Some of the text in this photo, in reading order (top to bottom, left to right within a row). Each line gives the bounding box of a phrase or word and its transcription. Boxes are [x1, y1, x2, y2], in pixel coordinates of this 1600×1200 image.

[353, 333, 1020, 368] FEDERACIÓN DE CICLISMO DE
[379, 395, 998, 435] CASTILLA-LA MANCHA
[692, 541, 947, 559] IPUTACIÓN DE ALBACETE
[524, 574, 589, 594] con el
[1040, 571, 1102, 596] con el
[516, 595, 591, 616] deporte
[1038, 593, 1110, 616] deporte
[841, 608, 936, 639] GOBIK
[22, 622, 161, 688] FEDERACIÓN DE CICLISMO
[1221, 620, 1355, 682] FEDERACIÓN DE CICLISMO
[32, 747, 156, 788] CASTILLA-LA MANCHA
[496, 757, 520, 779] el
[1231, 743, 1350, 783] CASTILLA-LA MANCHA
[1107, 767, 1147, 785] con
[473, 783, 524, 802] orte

━━━━

*Work instructions*.
Exactly as written, copy out all the entries above.

*Response area*.
Some of the text in this photo, in reading order (top to bottom, left to right within a row). Each line gives the bounding box of a phrase or word and its transcription. Boxes are [x1, y1, x2, y2], in pixel coordinates of this 1600×1200 image.

[353, 333, 1020, 368] FEDERACIÓN DE CICLISMO DE
[379, 395, 998, 435] CASTILLA-LA MANCHA
[692, 541, 947, 559] IPUTACIÓN DE ALBACETE
[524, 574, 589, 594] con el
[1040, 571, 1102, 596] con el
[516, 595, 591, 616] deporte
[1038, 593, 1110, 616] deporte
[841, 608, 936, 639] GOBIK
[22, 622, 161, 688] FEDERACIÓN DE CICLISMO
[1221, 620, 1355, 682] FEDERACIÓN DE CICLISMO
[32, 747, 156, 788] CASTILLA-LA MANCHA
[496, 757, 520, 779] el
[1231, 743, 1350, 783] CASTILLA-LA MANCHA
[1107, 767, 1147, 785] con
[473, 783, 524, 802] orte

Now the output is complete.